I've herded cattle many times with working ranch families, including married couples and their teenage daughters.
The point?
Being called a cowboy doesn't imply a race by a long shot and never has. And in the modern context, it doesn't imply a gender either.
And somebody who gets all up tight in a politically correct snit about that is an sanctimonious ignoramus of epic proportions.
What's this about?
Well, the University of Wyoming, for reasons that escape me, recently decided that for marketing purposes they needed to hire Victor & Spoils, a Boulder Colorado (of course) marketing firm to come up with a new catch phrase for UW. V&S came up with "The World needs more Cowboys". UW paid V&S $500,000, so I"m hoping that they got more than that, as if that's what the $500,000 bought, that's pretty darned lame.
Be that as it may, lameness isn't what the faculty flap is about.
Let's go to the Tribune:
“I had lots of different
reactions,” said Angela Jaime*, the director of the American Indian
Studies department. “I was really disappointed in the university for
endorsing such a negative slogan.”
“I
was kind of like, ‘Woah, has anyone else heard of this?’” said
Christine Boggs, an instructor and the co-chair of the Committee on
Women and People of Color at UW. The group sent a letter to university
leaders to voice its “grave concerns” about the slogan and requesting
that UW “shelve” it in favor of a more diverse tagline.
“Well
the concern for me is the ‘boy’ part, right?” said Christine Porter**, a
UW professor and vocal opponent of the slogan. “Since the 1950s at least
in other parts of the country, it is no longer acceptable ... to use
the generic masculine and pretend that includes the feminine.”
She added that the word “cowboy” brings to mind an image of a straight white man and past conflicts with Native Americans.
“As
the director of American Indian Studies, it becomes incredibly
problematic to try to imagine using any of this promotional material
when I’m recruiting Native students,” Jaime said. “The term ‘cowboy’
evokes the play time — the racist play time — of cowboys and Indians,
right?”
What a bunch of self important, pretentious, ignorant snobs.

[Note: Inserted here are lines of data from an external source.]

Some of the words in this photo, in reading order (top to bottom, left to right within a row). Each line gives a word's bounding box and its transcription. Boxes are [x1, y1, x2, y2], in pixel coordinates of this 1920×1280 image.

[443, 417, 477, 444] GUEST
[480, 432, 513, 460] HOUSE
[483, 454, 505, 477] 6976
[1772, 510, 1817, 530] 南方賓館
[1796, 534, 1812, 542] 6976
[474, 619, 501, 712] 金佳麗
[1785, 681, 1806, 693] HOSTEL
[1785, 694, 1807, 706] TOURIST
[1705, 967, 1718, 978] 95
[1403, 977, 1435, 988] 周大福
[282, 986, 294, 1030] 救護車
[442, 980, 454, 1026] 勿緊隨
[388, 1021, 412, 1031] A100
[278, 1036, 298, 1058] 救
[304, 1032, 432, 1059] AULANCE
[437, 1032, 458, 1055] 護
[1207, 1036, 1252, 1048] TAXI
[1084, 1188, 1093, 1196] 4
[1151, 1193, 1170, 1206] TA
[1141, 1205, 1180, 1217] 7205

All of this faculty ought to go. And permanently.
And probably go to a ranching and agricultural reeducation camp where they are exposed to a strong dose of reality and actual history.
Let's break this down.
“I had lots of different
reactions,” said Angela Jaime, the director of the American Indian
Studies department. “I was really disappointed in the university for
endorsing such a negative slogan.”
Has Jaime been on the Reservation's Arapahoe ranch and visited with its Arapahoe cowboys? Perhaps she should.
Agricultural operations on the Wind River Reservation feature a large Native American element. One of the biggest operations on the Reservation, if not the biggest, is owned by a Shoshone family whose name is strongly identified with that Tribe. Another is owned by one of the tribes itself. There are many smaller, Indian, ranching operations on the Wind River Reservation. On a more personal level, I once employed an Indian secretary whose father was. . . a working cowboy off of the Reservation.

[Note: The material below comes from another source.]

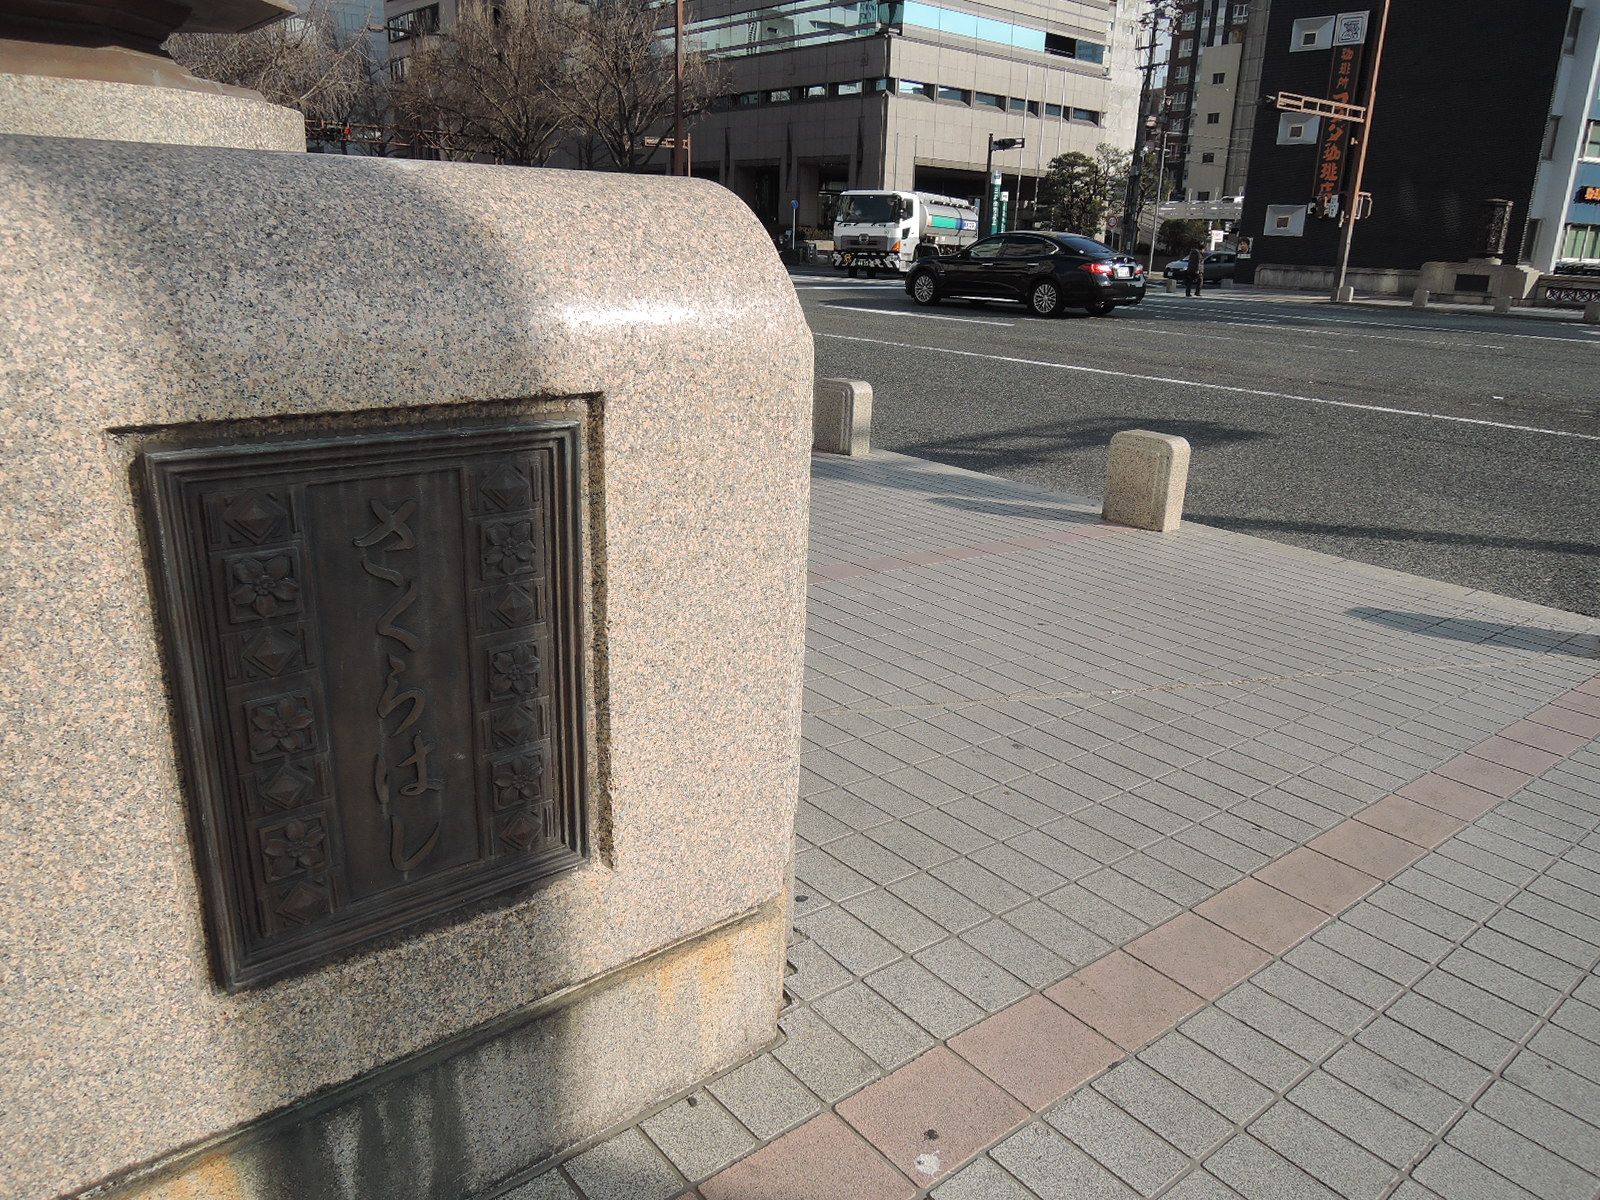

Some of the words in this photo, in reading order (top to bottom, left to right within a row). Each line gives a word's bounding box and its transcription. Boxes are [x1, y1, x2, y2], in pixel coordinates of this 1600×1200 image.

[353, 498, 445, 872] さくらはし

She [Christine Porter] added that the word “cowboy” brings to mind an image of a straight white man and past conflicts with Native Americans.
Only for people who get their history from old re-runs of The High Chaparral.

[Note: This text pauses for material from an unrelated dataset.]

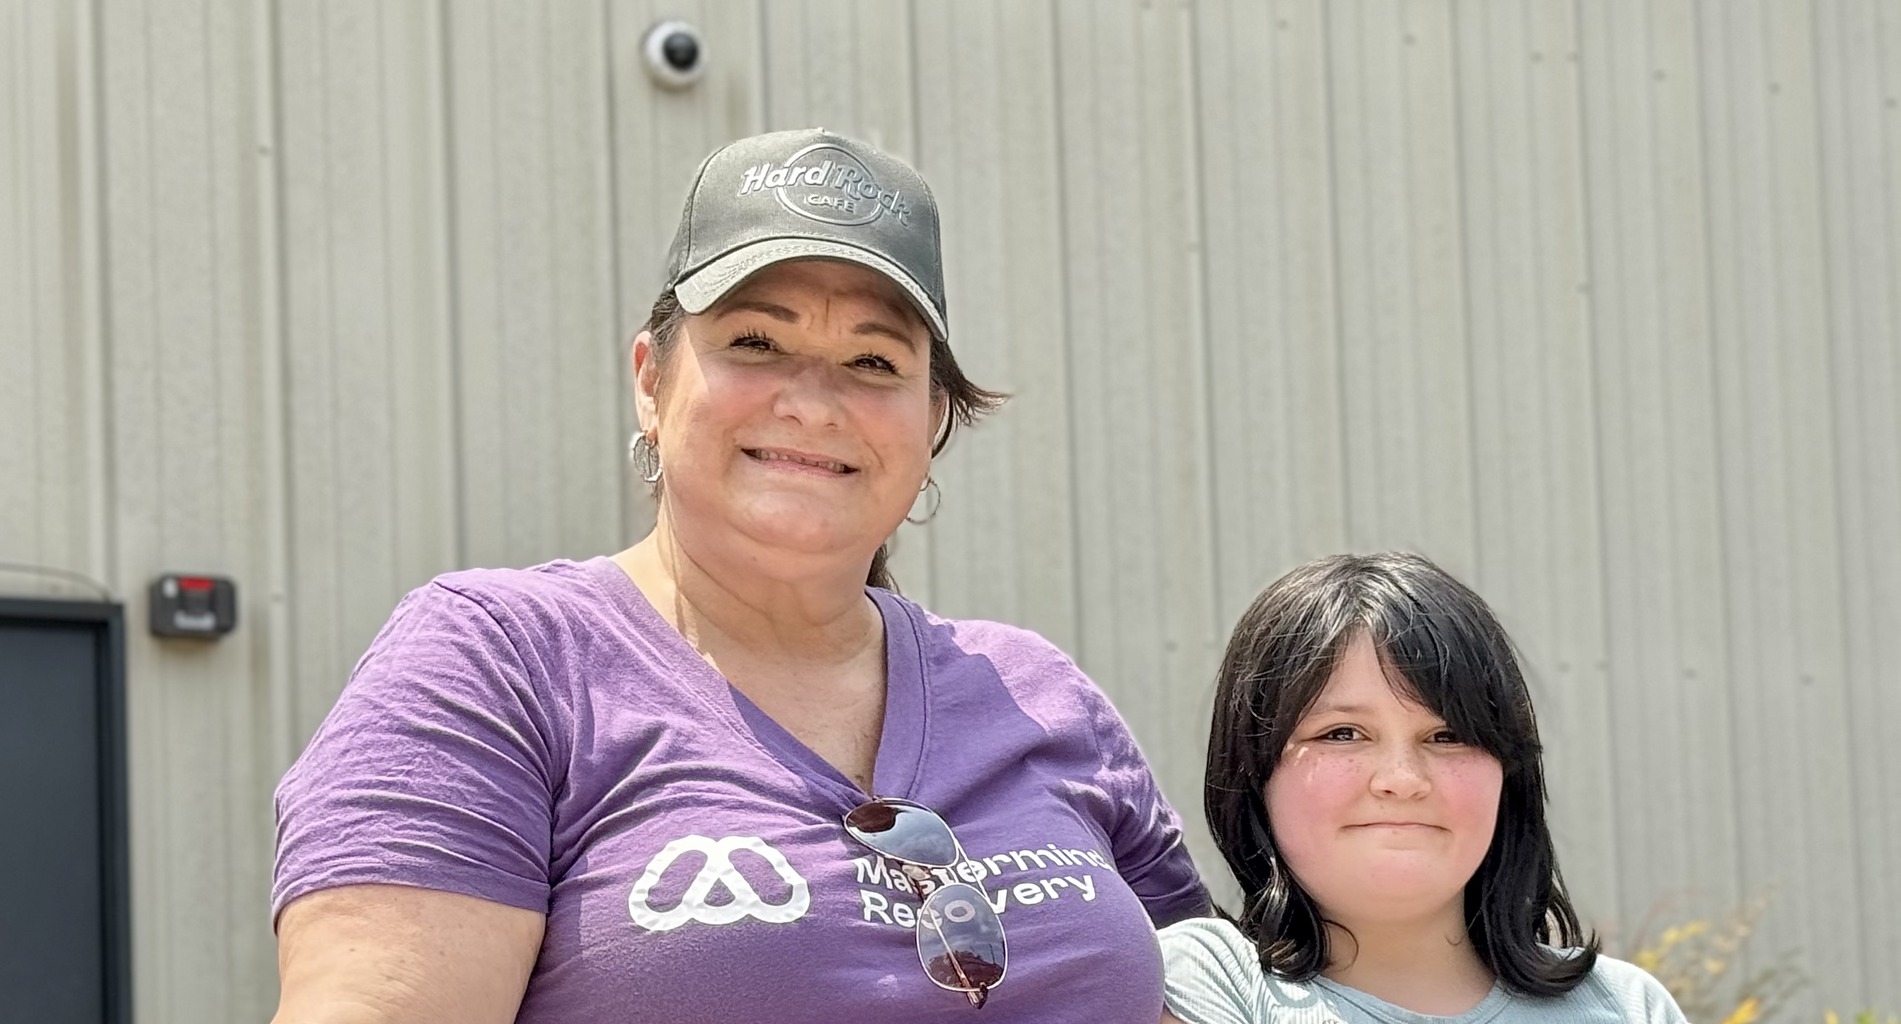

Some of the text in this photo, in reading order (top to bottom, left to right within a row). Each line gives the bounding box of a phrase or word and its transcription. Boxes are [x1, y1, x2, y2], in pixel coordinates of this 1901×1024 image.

[739, 160, 912, 227] Hard Rock
[859, 874, 1096, 930] Recovery

An American Indian. . . cowboy. This isn't as uncommon as some ignorant folks at UW would probably believe. . . and it certainly isn't uncommon now. Indeed, while Indian cowboys made an early appearance after the introduction of cattle and are very much still with us, it's worth noting that native cultures in the West entered the livestock industry with sheep, which were very common in the Southwest amongst Indian tribes well before the United States had any sort of control of the territory. But you'd have to know history to know that.
I honestly don't know where the "Cowboys and Indians" concept of Western Expansion came from but it is really grossly exaggerated in the concept of Indian v. Stockmen fights. Stock raising is an economic activity and by and large most economic enterprises attempt to minimize their risks, not run out and engage in them. For that reason, while there are certainly exceptions, most of the history of ranching in the Far West comes after that region had been largely pacified in terms of Indian v. Euro American conflict. Put another way, George Armstrong Custer wasn't leading a band of cowboys into Montana with cattle. Shoot, for that matter the pioneering economic enterprise in that region was gold mining, not livestock raising.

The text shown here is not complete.